When Genesis sought feedback from the participants in its original CNAonline launch pilot, the responses spoke to the untapped demographics this program can reach. “One of the students was a mother of two small children," Rowe recalled. “She responded that CNAonline offered her the opportunity to do classwork after her children went to bed at night. Life events had interfered with her desire to further educate herself. With the independence this program offered, she was able to secure her role as a CNA and pursue a career in nursing."
Crucially, the program gives increased flexibility to instructors as well, allowing them to earn supplementary income by maintaining their preferred work schedules while fielding CNAonline's in-person components. “The hybrid, CNAonline program allows instructors to work full-time, part-time, or per-diem since the labs and clinical hours are structured and the classroom is online for the students," Rowe explained. “This affords the nurses the ability to work in other positions and only have to be available for the one day a week lab practice and the required clinical hours required by the regulatory body."
It Opens the Door
When CNAonline launched in 2016, it was ahead of its time. “A lot of states just would not allow online learning," nurse educator Julie Gdowski, author of the 8th edition of the AHCA's “How to be a Nurse Assistant" and curriculum development lead at Academic Platforms.

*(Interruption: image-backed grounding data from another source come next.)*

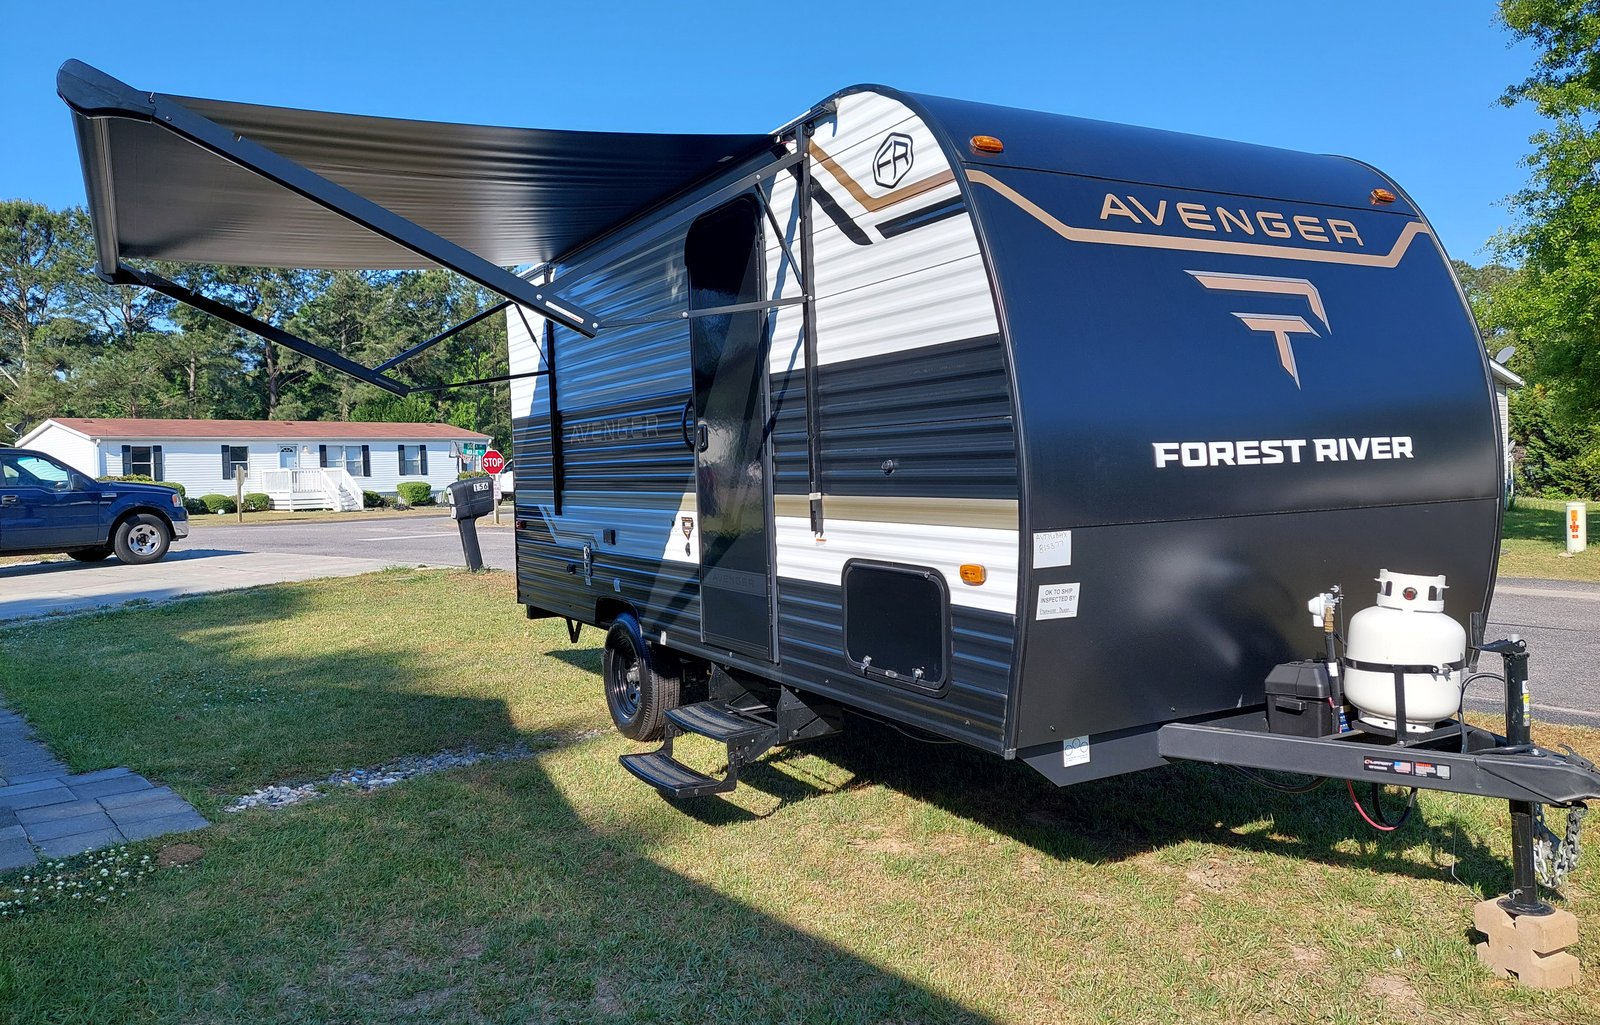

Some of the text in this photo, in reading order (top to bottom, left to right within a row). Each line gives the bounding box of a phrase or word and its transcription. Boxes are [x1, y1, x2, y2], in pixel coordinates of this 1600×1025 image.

[1100, 193, 1364, 246] AVENGER
[571, 415, 659, 444] AVENGER
[1152, 436, 1415, 468] FOREST RIVER
[483, 457, 503, 468] STOP
[474, 483, 489, 491] 156
[1061, 587, 1074, 595] SHIP
[1040, 595, 1069, 604] INSPECTED
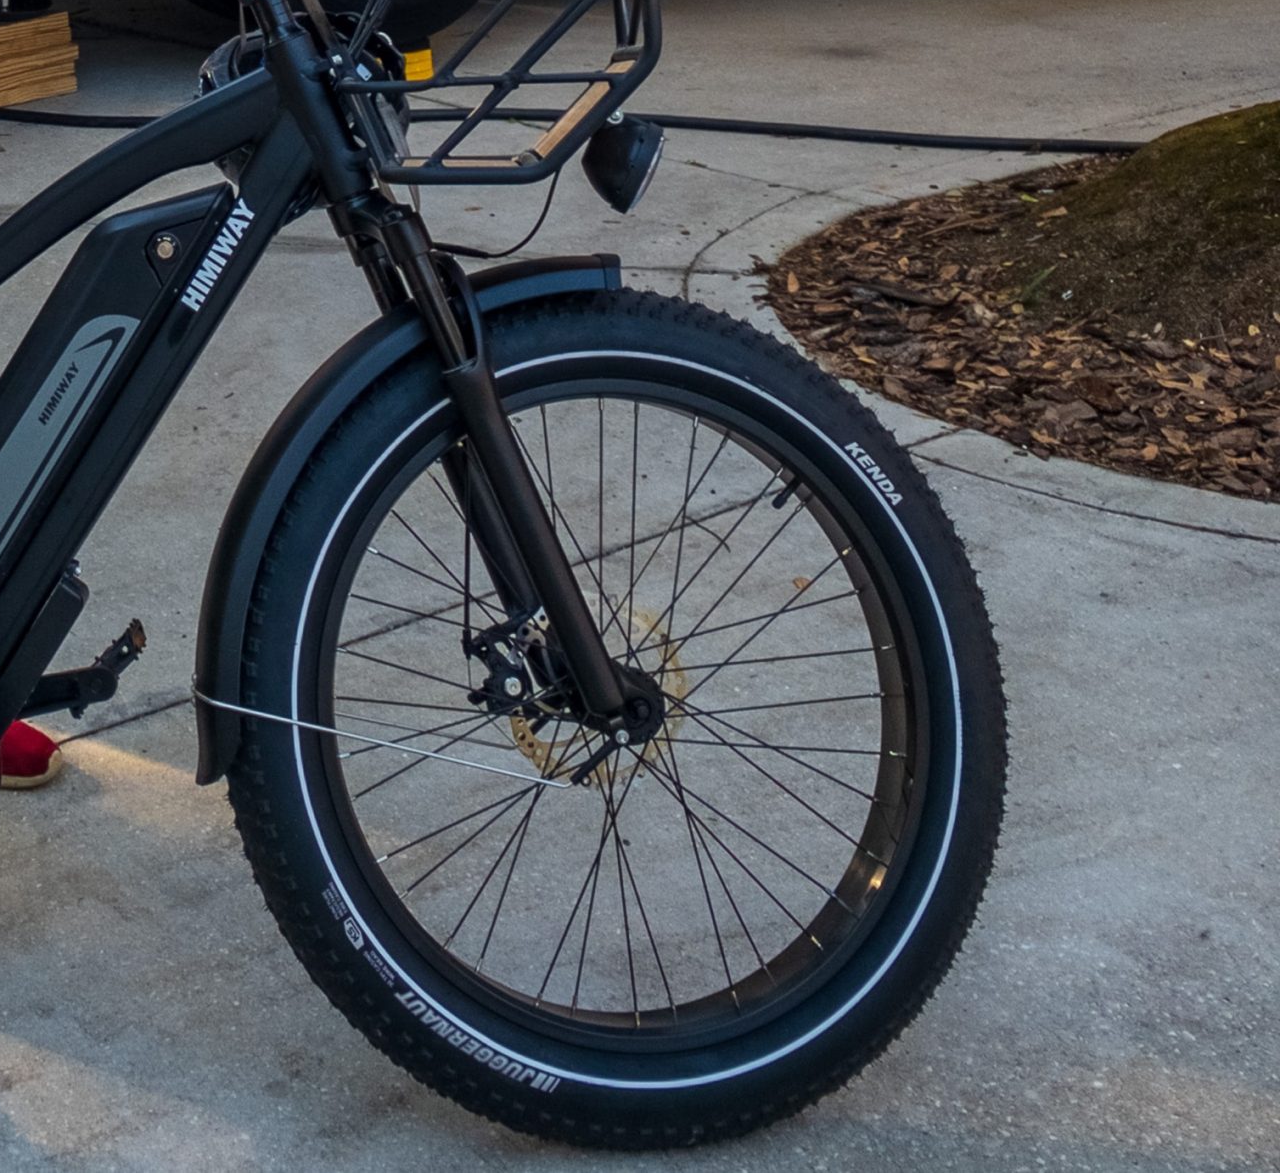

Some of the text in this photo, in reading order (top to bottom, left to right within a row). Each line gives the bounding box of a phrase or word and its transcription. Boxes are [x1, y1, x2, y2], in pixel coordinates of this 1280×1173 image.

[181, 197, 256, 312] HIMIWAY
[38, 361, 79, 426] HIMIWAY
[844, 441, 904, 506] KENDA
[346, 927, 360, 943] KS
[394, 990, 537, 1084] JUGGERNAUT

It wasn't until the COVID-19 pandemic created a new market for remote learning platforms that many of these states changed gears. "As states are getting on board, we're seeing more and more that were originally like, 'No, we do not do online learning,' but now have adapted to that," she said.
That doesn't mean the program's implementation has been frictionless. Every state has its own regulatory framework for nurse training, with some more onerous than others. For organizations who wish to use the program, the licensing process requires a multi-step approach, in collaboration with the CNAonline team, tailored to their state's needs. "Meeting those additional requirements per state is challenging—trying to find each state's nuances and know what their requirements are," Gdowski said. For instance, providers need to receive approval for each facility they wish to use for the program's onsite components.
Attention to detail is key, as a single forgotten piece of paperwork can result in an application's denial. CNAonline works to make this process easier for prospective affiliates by creating application templates for each state, presenting to regulators when requested, and responding to their feedback in the development of each program. In Gdowski's view, the complexity of this patchwork points to the importance of legislative fixes to the workforce crisis: looser state-level eligibility requirements for onsite nurse educators, for instance, and an increase in state-approved testing vendors.
“States decide who is going to be their testing vendor," she said. "There needs to be some policies on that as well that, maybe opening them up to more than just one testing vendor to get these students through to where they can test and work on the floor."
Asked what feedback she's received about the program, Gdowski echoed Rowe and Scott, pointing to its potential to solve providers' labor shortages. Not only does the program allow educators to spend more time on the floor, it helps knock down the nursing field's barriers to entry. "We have facilities that'll tell us that the online course allows us to broaden their workforce," Gdowski said. "It reaches students that typically would not be able to take the class—maybe single parents, people that are working full-time that are trying to get into the workforce in nursing. It opens the door for a lot of people that it didn't before."
Steve Manning is a journalist based in New York City.